The Obama administration has been trying to inject enough clarity and
capital into the balance sheets of banks so that they can resume providing
credit for businesses and consumers. The job of regulatory reform has had to
wait. The hints we have had suggest that the administration understands the
need to include the unregulated institutions, and to set up at least an
early warning system to detect major risks before they arrive. But there is
no way yet to know what form the new system will take. One would like to
establish some principles before we forget how bad it can get.

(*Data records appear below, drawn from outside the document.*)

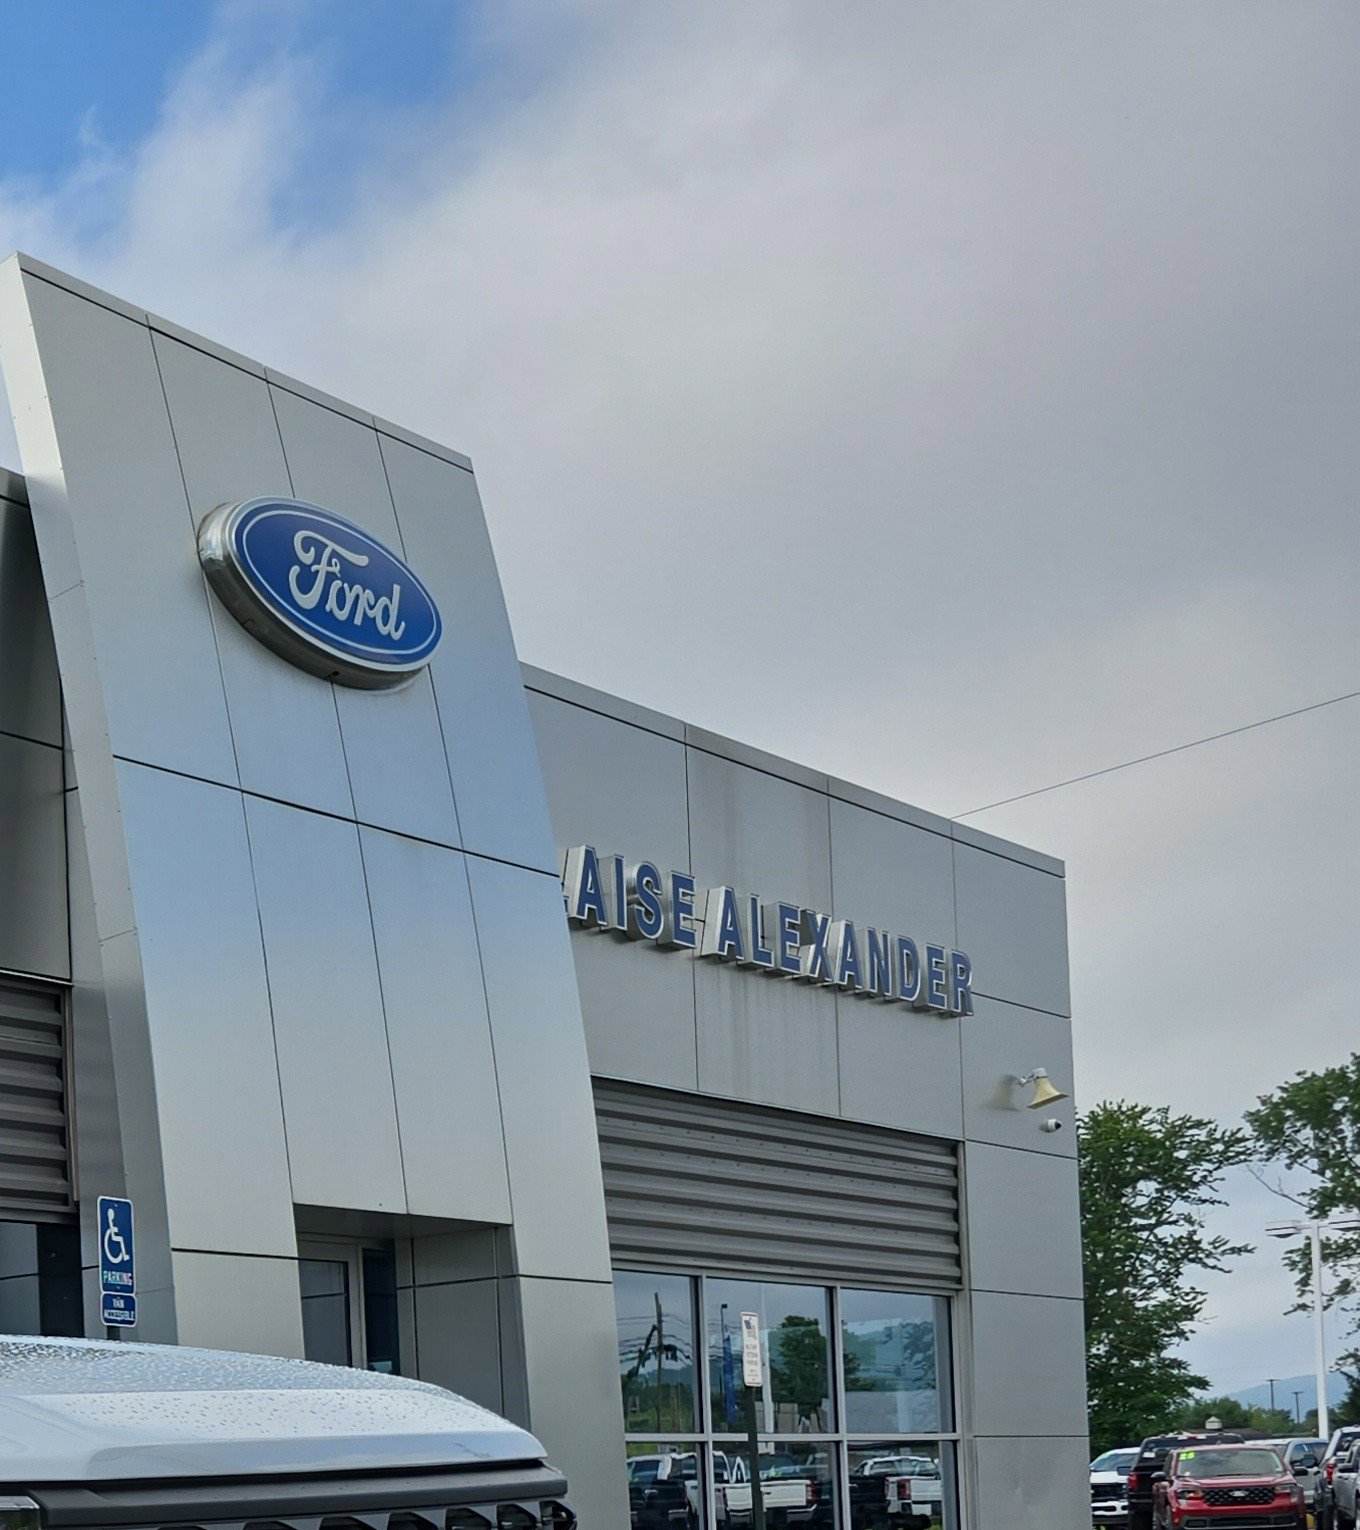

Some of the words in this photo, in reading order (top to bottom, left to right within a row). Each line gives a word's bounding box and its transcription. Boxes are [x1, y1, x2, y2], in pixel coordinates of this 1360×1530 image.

[288, 529, 405, 641] Ford
[564, 844, 696, 949] AISE
[708, 886, 975, 1017] ALEXANDER
[102, 1270, 133, 1286] PARKING
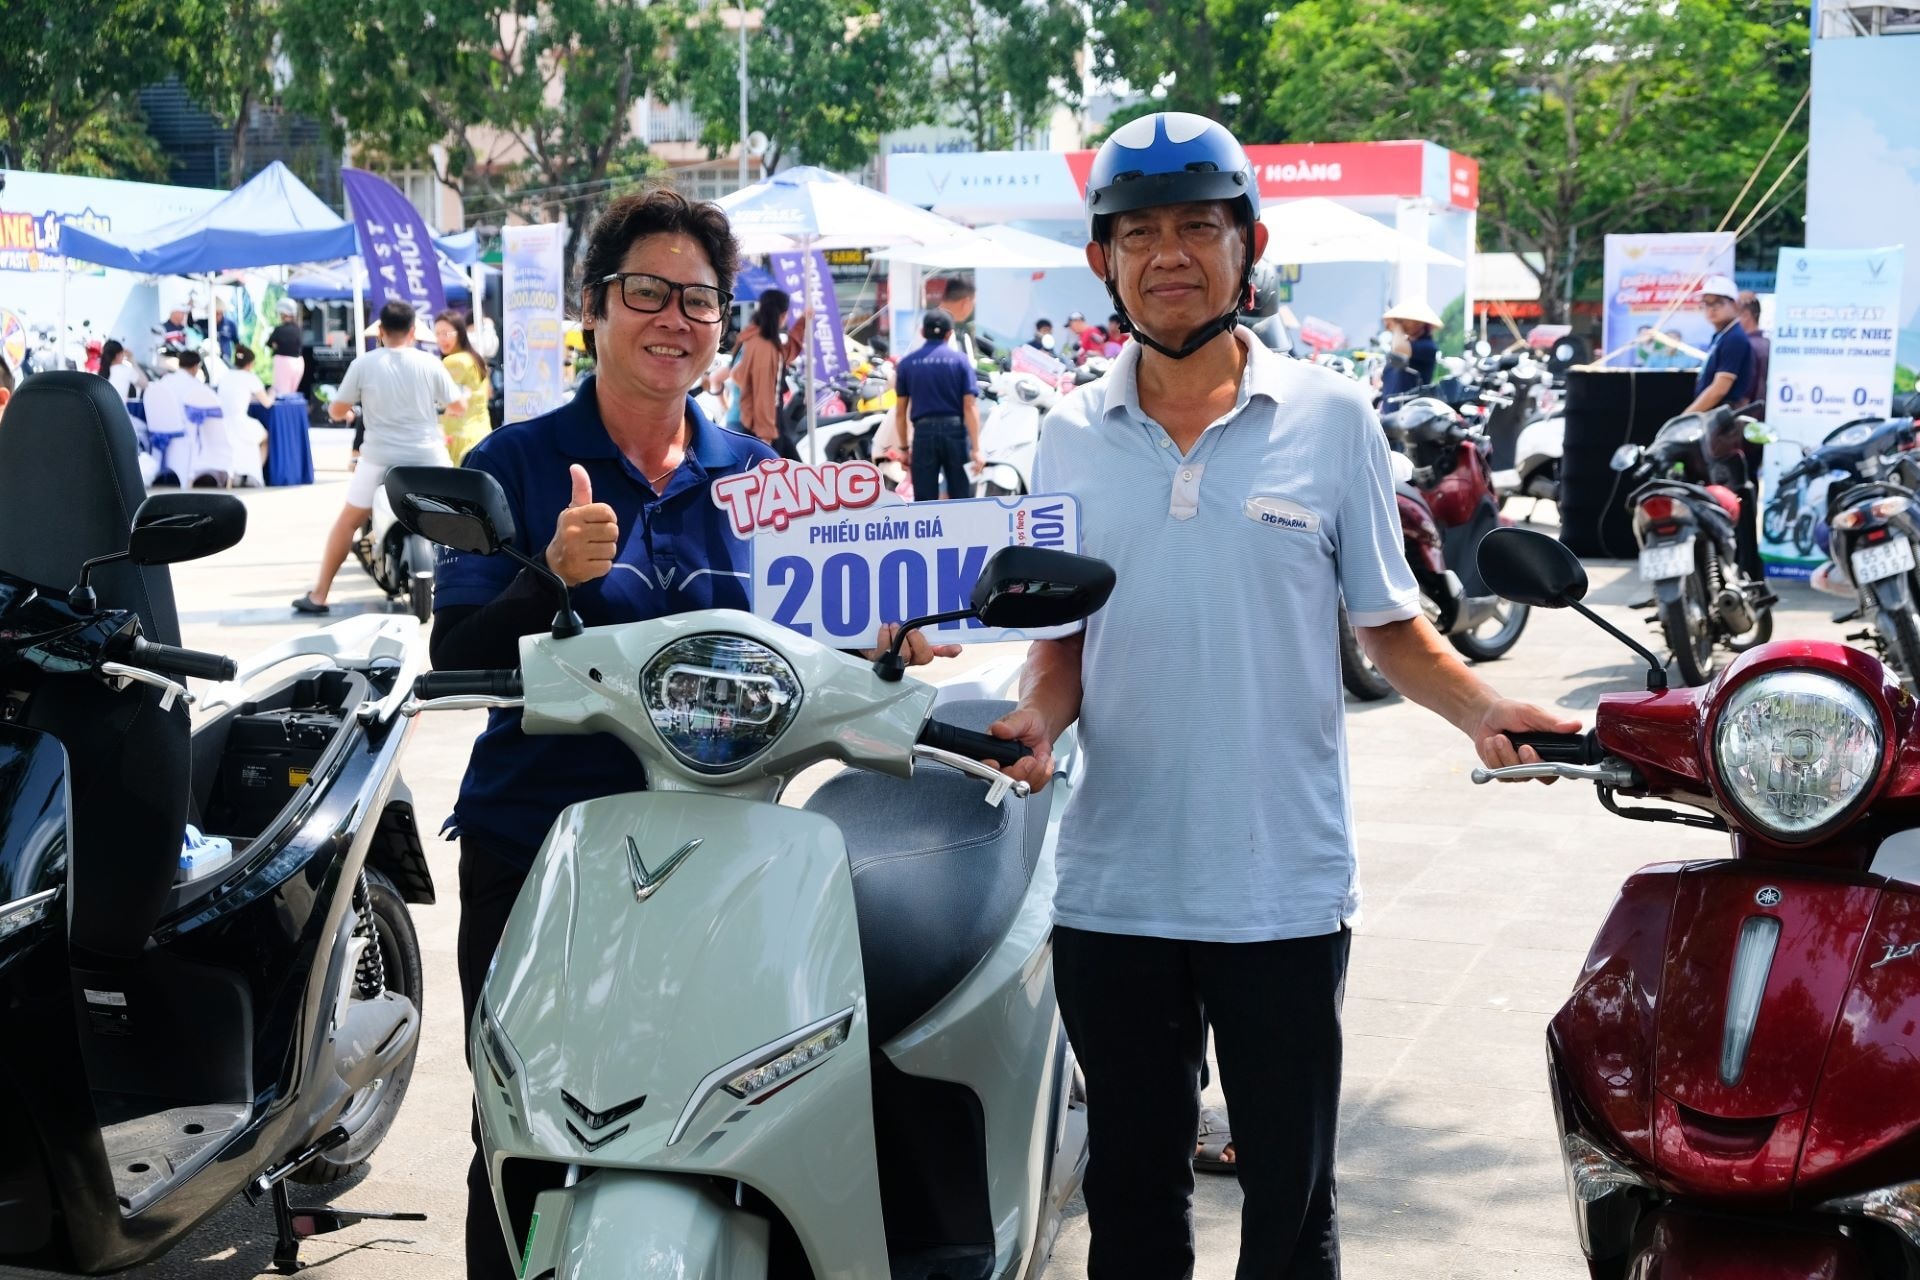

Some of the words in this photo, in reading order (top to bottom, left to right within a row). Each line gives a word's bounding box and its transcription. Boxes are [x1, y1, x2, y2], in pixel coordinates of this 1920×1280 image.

[961, 175, 1040, 186] VINFAST
[1265, 160, 1342, 182] HOÀNG
[393, 222, 429, 297] PHÚC
[1803, 327, 1827, 339] VAY
[715, 458, 881, 535] TẶNG
[809, 518, 860, 545] PHIẾU
[865, 516, 909, 542] GIẢM
[914, 515, 944, 539] GIÁ
[1261, 512, 1277, 524] CHG
[1277, 517, 1307, 529] PHARMA
[766, 545, 992, 639] 200K
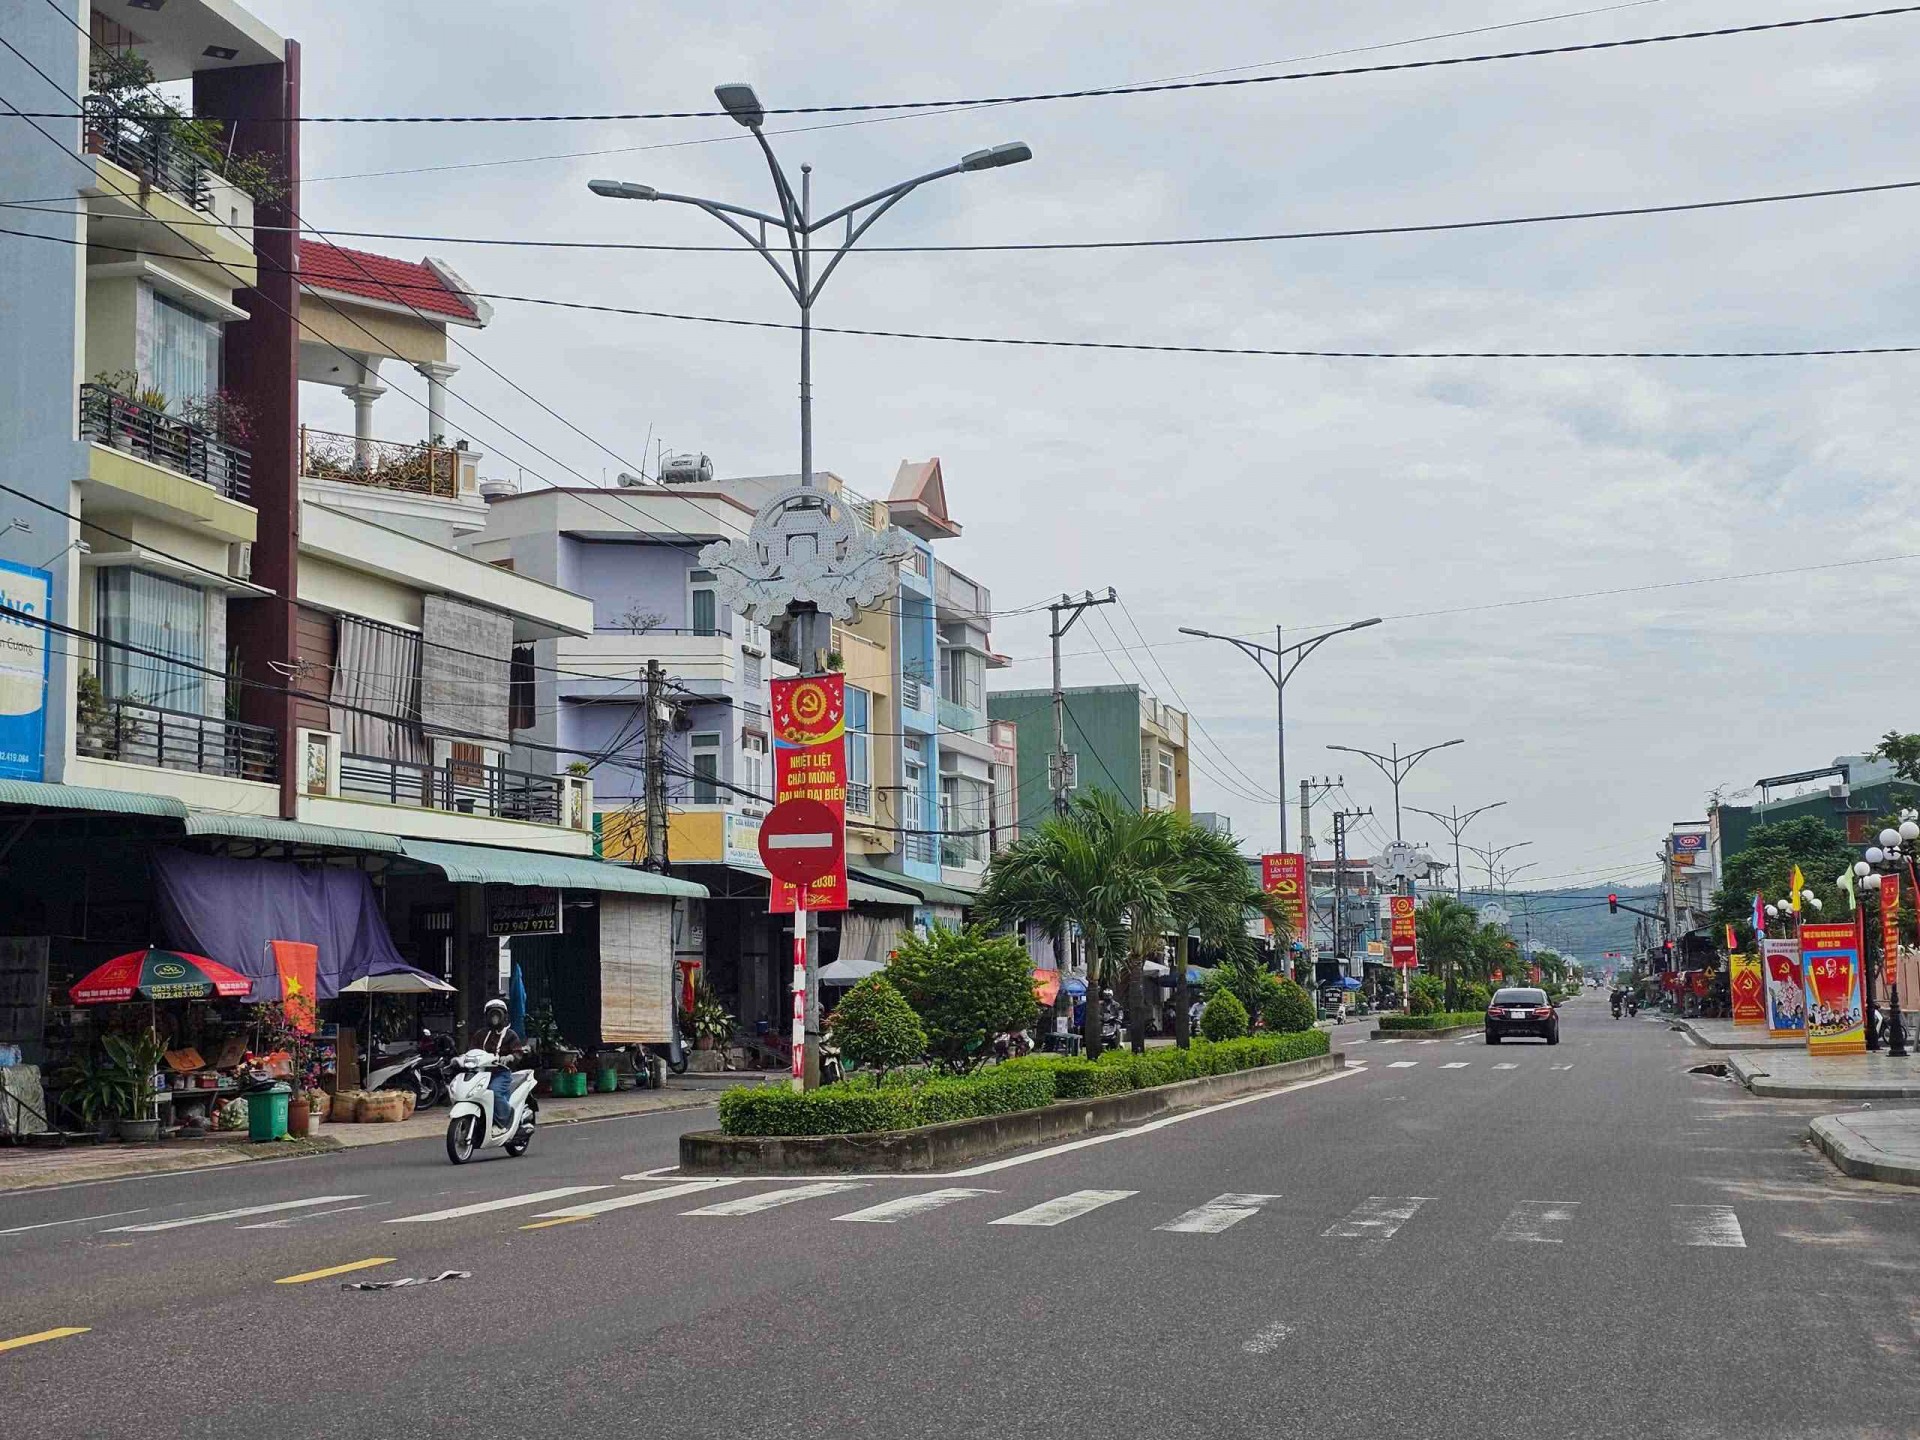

The financial system does have a useful social function to perform, and that
is to make the real economy operate more efficiently. Some human institution
has to collect a nation's savings and put them at the disposal of those who
have productive ways to use them. Risks arise in the everyday business of
economic life, and some human institution has to transfer them to those who
are most willing to bear them. When it goes much beyond that, the financial
system is likely to cause more trouble than it averts. I find it hard to
believe, and I suspect that Judge Posner shares my disbelief, that our
overgrown, largely unregulated financial sector was actually fully engaged
in improving the allocation of real economic resources. It was using modern
financial technology to create fresh risks, to borrow more money, and to
gamble it away.
Posner writes:
As far as I know, no one has a clear sense of the social value of our
deregulated financial industry, with its free-wheeling banks and hedge funds
and private equity funds and all the rest.
That is already a hint that he thinks its social value is limited. As Posner
sees it, talk about greed and foolhardiness is comforting but not useful.
Greed and foolhardiness were not invented just recently. The problem is
rather that Panglossian ideas about "free markets" encouraged, on one hand,
lax regulation, or no regulation, of a potentially unstable financial
apparatus and, on the other, the elaboration of compensation mechanisms that
positively encouraged risk-taking and short-term opportunism. When the
environment was right, as it eventually would be, the disaster hit.